Saved entries →
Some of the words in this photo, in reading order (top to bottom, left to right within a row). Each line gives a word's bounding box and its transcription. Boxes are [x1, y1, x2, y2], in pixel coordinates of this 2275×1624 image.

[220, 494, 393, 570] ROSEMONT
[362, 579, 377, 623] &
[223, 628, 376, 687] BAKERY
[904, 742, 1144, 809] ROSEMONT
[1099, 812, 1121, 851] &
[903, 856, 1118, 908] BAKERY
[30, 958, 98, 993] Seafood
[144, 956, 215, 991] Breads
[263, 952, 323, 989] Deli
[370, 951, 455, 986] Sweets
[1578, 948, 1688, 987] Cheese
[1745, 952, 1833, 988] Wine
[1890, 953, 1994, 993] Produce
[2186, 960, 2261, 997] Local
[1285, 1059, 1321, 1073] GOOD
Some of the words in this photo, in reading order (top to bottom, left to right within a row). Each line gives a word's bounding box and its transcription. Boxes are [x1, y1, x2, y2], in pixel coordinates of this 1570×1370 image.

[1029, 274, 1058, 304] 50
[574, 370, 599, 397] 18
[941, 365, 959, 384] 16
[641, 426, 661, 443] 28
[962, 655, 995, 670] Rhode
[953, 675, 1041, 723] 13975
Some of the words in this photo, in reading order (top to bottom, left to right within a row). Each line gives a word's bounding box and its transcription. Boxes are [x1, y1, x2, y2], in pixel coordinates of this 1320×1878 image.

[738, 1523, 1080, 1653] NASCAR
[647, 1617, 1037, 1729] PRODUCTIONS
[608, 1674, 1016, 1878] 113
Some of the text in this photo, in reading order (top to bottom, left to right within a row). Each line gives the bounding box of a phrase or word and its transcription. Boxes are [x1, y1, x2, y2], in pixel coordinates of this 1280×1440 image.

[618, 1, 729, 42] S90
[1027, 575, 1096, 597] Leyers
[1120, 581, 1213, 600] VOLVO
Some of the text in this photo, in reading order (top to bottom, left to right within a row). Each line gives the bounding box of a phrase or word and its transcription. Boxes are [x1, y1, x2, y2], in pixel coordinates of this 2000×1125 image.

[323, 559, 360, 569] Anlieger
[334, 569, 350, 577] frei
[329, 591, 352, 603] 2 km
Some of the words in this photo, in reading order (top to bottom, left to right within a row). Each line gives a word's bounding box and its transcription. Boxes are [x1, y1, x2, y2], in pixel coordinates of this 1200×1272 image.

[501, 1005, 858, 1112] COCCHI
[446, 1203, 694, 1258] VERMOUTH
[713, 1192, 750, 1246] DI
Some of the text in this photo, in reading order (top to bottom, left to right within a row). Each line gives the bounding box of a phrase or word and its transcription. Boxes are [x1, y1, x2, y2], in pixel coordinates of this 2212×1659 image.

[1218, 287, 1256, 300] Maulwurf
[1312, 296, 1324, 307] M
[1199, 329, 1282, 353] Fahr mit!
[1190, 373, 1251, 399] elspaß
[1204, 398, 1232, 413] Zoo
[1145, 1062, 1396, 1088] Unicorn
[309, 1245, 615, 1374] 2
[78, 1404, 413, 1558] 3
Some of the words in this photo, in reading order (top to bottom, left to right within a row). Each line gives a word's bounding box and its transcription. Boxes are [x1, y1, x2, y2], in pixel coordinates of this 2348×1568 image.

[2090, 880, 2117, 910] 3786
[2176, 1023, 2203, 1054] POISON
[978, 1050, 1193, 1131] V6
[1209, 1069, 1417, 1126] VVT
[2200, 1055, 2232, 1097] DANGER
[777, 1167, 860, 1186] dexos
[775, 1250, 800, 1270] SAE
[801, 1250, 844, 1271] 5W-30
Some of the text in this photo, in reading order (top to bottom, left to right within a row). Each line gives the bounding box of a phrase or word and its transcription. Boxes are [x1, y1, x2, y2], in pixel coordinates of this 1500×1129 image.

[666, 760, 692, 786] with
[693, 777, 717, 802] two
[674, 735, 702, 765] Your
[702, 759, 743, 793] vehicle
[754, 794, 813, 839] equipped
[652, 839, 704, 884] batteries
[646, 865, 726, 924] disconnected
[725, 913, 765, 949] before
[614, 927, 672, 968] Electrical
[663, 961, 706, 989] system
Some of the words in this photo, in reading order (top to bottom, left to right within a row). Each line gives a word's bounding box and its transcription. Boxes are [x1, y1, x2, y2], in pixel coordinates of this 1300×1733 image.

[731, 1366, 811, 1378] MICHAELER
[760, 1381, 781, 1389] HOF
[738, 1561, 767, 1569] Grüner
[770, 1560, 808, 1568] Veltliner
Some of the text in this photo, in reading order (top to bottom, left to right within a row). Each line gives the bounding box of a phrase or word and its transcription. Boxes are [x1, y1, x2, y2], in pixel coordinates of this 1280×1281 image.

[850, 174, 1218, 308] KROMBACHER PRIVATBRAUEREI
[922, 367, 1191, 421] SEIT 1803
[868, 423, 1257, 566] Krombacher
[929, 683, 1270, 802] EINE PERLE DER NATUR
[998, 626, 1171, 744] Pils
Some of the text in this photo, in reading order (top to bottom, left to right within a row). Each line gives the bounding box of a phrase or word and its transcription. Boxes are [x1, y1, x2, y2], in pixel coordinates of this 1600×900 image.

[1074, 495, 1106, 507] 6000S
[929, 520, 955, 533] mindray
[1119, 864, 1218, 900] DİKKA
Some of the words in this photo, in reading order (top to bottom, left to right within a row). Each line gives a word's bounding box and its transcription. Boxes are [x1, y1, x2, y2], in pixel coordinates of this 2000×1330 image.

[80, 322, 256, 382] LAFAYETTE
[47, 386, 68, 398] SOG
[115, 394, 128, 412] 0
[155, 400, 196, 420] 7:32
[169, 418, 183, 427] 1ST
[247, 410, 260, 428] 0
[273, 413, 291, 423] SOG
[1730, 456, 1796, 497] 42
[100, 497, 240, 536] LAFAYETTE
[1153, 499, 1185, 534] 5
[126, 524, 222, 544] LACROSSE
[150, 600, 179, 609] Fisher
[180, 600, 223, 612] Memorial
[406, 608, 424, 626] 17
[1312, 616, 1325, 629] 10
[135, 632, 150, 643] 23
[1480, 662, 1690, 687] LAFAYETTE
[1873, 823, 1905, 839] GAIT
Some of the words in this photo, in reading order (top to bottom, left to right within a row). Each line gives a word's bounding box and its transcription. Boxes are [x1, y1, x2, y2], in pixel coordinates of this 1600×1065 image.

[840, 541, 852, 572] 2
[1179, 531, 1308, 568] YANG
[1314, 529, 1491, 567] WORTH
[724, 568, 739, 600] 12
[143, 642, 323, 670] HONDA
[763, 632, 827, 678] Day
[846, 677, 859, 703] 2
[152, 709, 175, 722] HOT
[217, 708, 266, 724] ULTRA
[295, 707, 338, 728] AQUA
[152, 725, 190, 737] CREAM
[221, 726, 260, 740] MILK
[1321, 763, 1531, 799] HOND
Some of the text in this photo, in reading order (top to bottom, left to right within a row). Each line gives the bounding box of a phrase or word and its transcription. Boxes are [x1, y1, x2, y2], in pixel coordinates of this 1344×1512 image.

TASK TO COMPLETE → Give back each entry above precisely as it was written.

RESPONSE TO THIS TASK →
Some of the words in this photo, in reading order (top to bottom, left to right within a row). Each line gives a word's bounding box and its transcription. Boxes are [x1, y1, x2, y2], in pixel coordinates of this 2275×1624 image.

[220, 494, 393, 570] ROSEMONT
[362, 579, 377, 623] &
[223, 628, 376, 687] BAKERY
[904, 742, 1144, 809] ROSEMONT
[1099, 812, 1121, 851] &
[903, 856, 1118, 908] BAKERY
[30, 958, 98, 993] Seafood
[144, 956, 215, 991] Breads
[263, 952, 323, 989] Deli
[370, 951, 455, 986] Sweets
[1578, 948, 1688, 987] Cheese
[1745, 952, 1833, 988] Wine
[1890, 953, 1994, 993] Produce
[2186, 960, 2261, 997] Local
[1285, 1059, 1321, 1073] GOOD
Some of the words in this photo, in reading order (top to bottom, left to right within a row). Each line gives a word's bounding box and its transcription. Boxes are [x1, y1, x2, y2], in pixel coordinates of this 1570×1370 image.

[1029, 274, 1058, 304] 50
[574, 370, 599, 397] 18
[941, 365, 959, 384] 16
[641, 426, 661, 443] 28
[962, 655, 995, 670] Rhode
[953, 675, 1041, 723] 13975
Some of the words in this photo, in reading order (top to bottom, left to right within a row). Each line gives a word's bounding box and its transcription. Boxes are [x1, y1, x2, y2], in pixel coordinates of this 1320×1878 image.

[738, 1523, 1080, 1653] NASCAR
[647, 1617, 1037, 1729] PRODUCTIONS
[608, 1674, 1016, 1878] 113
Some of the text in this photo, in reading order (top to bottom, left to right within a row). Each line gives the bounding box of a phrase or word and its transcription. Boxes are [x1, y1, x2, y2], in pixel coordinates of this 1280×1440 image.

[618, 1, 729, 42] S90
[1027, 575, 1096, 597] Leyers
[1120, 581, 1213, 600] VOLVO
Some of the text in this photo, in reading order (top to bottom, left to right within a row). Each line gives the bounding box of a phrase or word and its transcription. Boxes are [x1, y1, x2, y2], in pixel coordinates of this 2000×1125 image.

[323, 559, 360, 569] Anlieger
[334, 569, 350, 577] frei
[329, 591, 352, 603] 2 km
Some of the words in this photo, in reading order (top to bottom, left to right within a row). Each line gives a word's bounding box and its transcription. Boxes are [x1, y1, x2, y2], in pixel coordinates of this 1200×1272 image.

[501, 1005, 858, 1112] COCCHI
[446, 1203, 694, 1258] VERMOUTH
[713, 1192, 750, 1246] DI
Some of the text in this photo, in reading order (top to bottom, left to right within a row). Each line gives the bounding box of a phrase or word and its transcription. Boxes are [x1, y1, x2, y2], in pixel coordinates of this 2212×1659 image.

[1218, 287, 1256, 300] Maulwurf
[1312, 296, 1324, 307] M
[1199, 329, 1282, 353] Fahr mit!
[1190, 373, 1251, 399] elspaß
[1204, 398, 1232, 413] Zoo
[1145, 1062, 1396, 1088] Unicorn
[309, 1245, 615, 1374] 2
[78, 1404, 413, 1558] 3
Some of the words in this photo, in reading order (top to bottom, left to right within a row). Each line gives a word's bounding box and its transcription. Boxes are [x1, y1, x2, y2], in pixel coordinates of this 2348×1568 image.

[2090, 880, 2117, 910] 3786
[2176, 1023, 2203, 1054] POISON
[978, 1050, 1193, 1131] V6
[1209, 1069, 1417, 1126] VVT
[2200, 1055, 2232, 1097] DANGER
[777, 1167, 860, 1186] dexos
[775, 1250, 800, 1270] SAE
[801, 1250, 844, 1271] 5W-30
Some of the text in this photo, in reading order (top to bottom, left to right within a row). Each line gives the bounding box of a phrase or word and its transcription. Boxes are [x1, y1, x2, y2], in pixel coordinates of this 1500×1129 image.

[666, 760, 692, 786] with
[693, 777, 717, 802] two
[674, 735, 702, 765] Your
[702, 759, 743, 793] vehicle
[754, 794, 813, 839] equipped
[652, 839, 704, 884] batteries
[646, 865, 726, 924] disconnected
[725, 913, 765, 949] before
[614, 927, 672, 968] Electrical
[663, 961, 706, 989] system
Some of the words in this photo, in reading order (top to bottom, left to right within a row). Each line gives a word's bounding box and its transcription. Boxes are [x1, y1, x2, y2], in pixel coordinates of this 1300×1733 image.

[731, 1366, 811, 1378] MICHAELER
[760, 1381, 781, 1389] HOF
[738, 1561, 767, 1569] Grüner
[770, 1560, 808, 1568] Veltliner
Some of the text in this photo, in reading order (top to bottom, left to right within a row). Each line gives the bounding box of a phrase or word and its transcription. Boxes are [x1, y1, x2, y2], in pixel coordinates of this 1280×1281 image.

[850, 174, 1218, 308] KROMBACHER PRIVATBRAUEREI
[922, 367, 1191, 421] SEIT 1803
[868, 423, 1257, 566] Krombacher
[929, 683, 1270, 802] EINE PERLE DER NATUR
[998, 626, 1171, 744] Pils
Some of the text in this photo, in reading order (top to bottom, left to right within a row). Each line gives the bounding box of a phrase or word and its transcription. Boxes are [x1, y1, x2, y2], in pixel coordinates of this 1600×900 image.

[1074, 495, 1106, 507] 6000S
[929, 520, 955, 533] mindray
[1119, 864, 1218, 900] DİKKA
Some of the words in this photo, in reading order (top to bottom, left to right within a row). Each line gives a word's bounding box and its transcription. Boxes are [x1, y1, x2, y2], in pixel coordinates of this 2000×1330 image.

[80, 322, 256, 382] LAFAYETTE
[47, 386, 68, 398] SOG
[115, 394, 128, 412] 0
[155, 400, 196, 420] 7:32
[169, 418, 183, 427] 1ST
[247, 410, 260, 428] 0
[273, 413, 291, 423] SOG
[1730, 456, 1796, 497] 42
[100, 497, 240, 536] LAFAYETTE
[1153, 499, 1185, 534] 5
[126, 524, 222, 544] LACROSSE
[150, 600, 179, 609] Fisher
[180, 600, 223, 612] Memorial
[406, 608, 424, 626] 17
[1312, 616, 1325, 629] 10
[135, 632, 150, 643] 23
[1480, 662, 1690, 687] LAFAYETTE
[1873, 823, 1905, 839] GAIT
Some of the words in this photo, in reading order (top to bottom, left to right within a row). Each line gives a word's bounding box and its transcription. Boxes are [x1, y1, x2, y2], in pixel coordinates of this 1600×1065 image.

[840, 541, 852, 572] 2
[1179, 531, 1308, 568] YANG
[1314, 529, 1491, 567] WORTH
[724, 568, 739, 600] 12
[143, 642, 323, 670] HONDA
[763, 632, 827, 678] Day
[846, 677, 859, 703] 2
[152, 709, 175, 722] HOT
[217, 708, 266, 724] ULTRA
[295, 707, 338, 728] AQUA
[152, 725, 190, 737] CREAM
[221, 726, 260, 740] MILK
[1321, 763, 1531, 799] HOND
Some of the text in this photo, in reading order (top to bottom, left to right within a row). Each line gives the bounding box of a phrase or word and its transcription. Boxes are [x1, y1, x2, y2], in pixel coordinates of this 1344×1512 image.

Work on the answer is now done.